Here are some red flags that may indicate that your spouse is facing difficulty to see you as attractive.

Your spouse is spending more time away from you

When your partner is spending more time away from home or from you. This could be worrying. Yes, it is also true if you and your partner are spending less time together is not always a concern. Sometimes individual spaces are needed. But if your partner repeatedly gives excuses as to why they can’t talk or spend time together. Then it is a sign of losing spark.

marriage counselling tips by shivani sadhoo

Putting less or no effort into the relationship

A sad indicator indeed. Your partner is putting no or less effort in the relationship. Planning activities become things of the past, and getting responses through phones and texts becomes daunting. This is painful specifically when earlier your partner was diligent in making you special early on.

Waning sex life or intimacy

An important factor to determine is how your spouse feels about your physical relationship is to examine your sex life. What does getting intimate generally feel like? Are you and your partner taking time to speak and discuss it? This particularly could be noted in married couples. A drastic change in pattern while getting intimate indicates how attractive your partner finds you. When intimacy is completely missing or there is a lack of it, this is a sure sign your partner is losing interest in you. Or another sign is when your partner getting intimate becomes just a general routine for them, they do it just for an obligation nothing more than that.

Frequent fighting

Sometimes small fights are fine, but if your partner has become more irritable towards you and does not waste any opportunity to quarrel with you even on the slightest of issues. It is a sign of waning attraction.

Ways to rekindle the attraction within your relationship

Knowing your partner no more finds you attractive could be painful. But being aware might be the vital cog to transforming your relationship. Here are some ways to rekindle the lost spark shares Shivani.

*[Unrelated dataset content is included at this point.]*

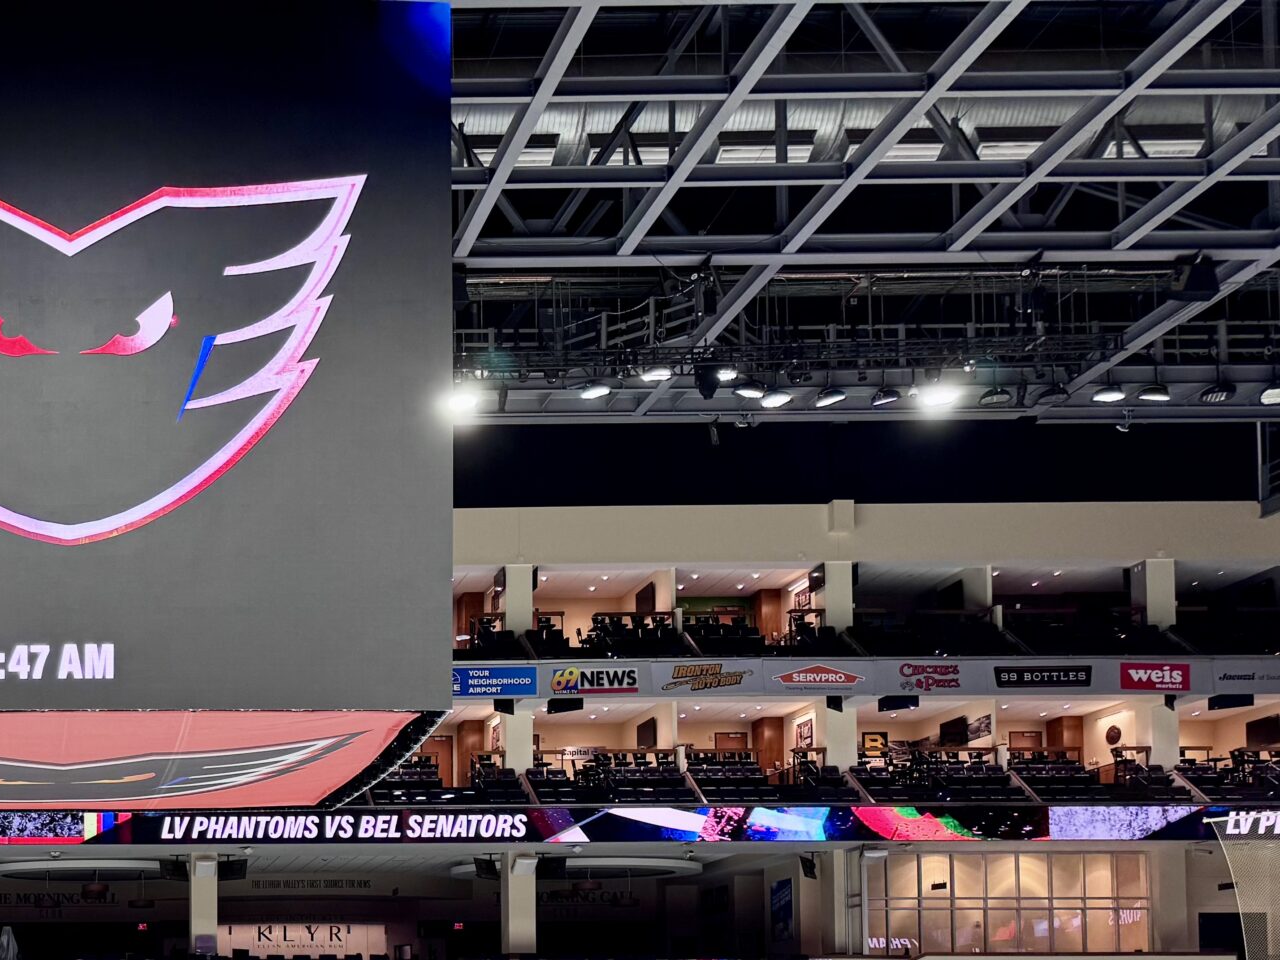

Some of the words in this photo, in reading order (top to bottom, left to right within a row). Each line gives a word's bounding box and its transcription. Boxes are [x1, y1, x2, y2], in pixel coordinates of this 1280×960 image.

Have an open communication

Speakto your spouse openly and honestly about the alteration you have noticed in their attraction to you. Learn how they view you, or if your conduct has changed to an extent that might be causing them to pull away. Knowing all this could give you a clue or two that will take you towards resolving the complexities.

Spend some time apart

Spending time apart does not mean completely cutting off entire communication. It is vital to check from time to time while being apart. But when you spend some time apart by going on some solo trip or going on a vacation with your friends, this may give your partner the opportunity to miss you and also a chance to rediscover your lost self. Perhaps a reunion after this brief separation could ignite lost attraction even more.

Do basic romance

Just remember how you met earlier. With your partner’s indulgence, you would be able to take your relationship back just to the good old days. Go on dates again. Take care to groom yourself and look good again. Send intimate texts or go to movies or dinner dates. Keeping close to your partner and breaking the monotony could help revive the lost attraction.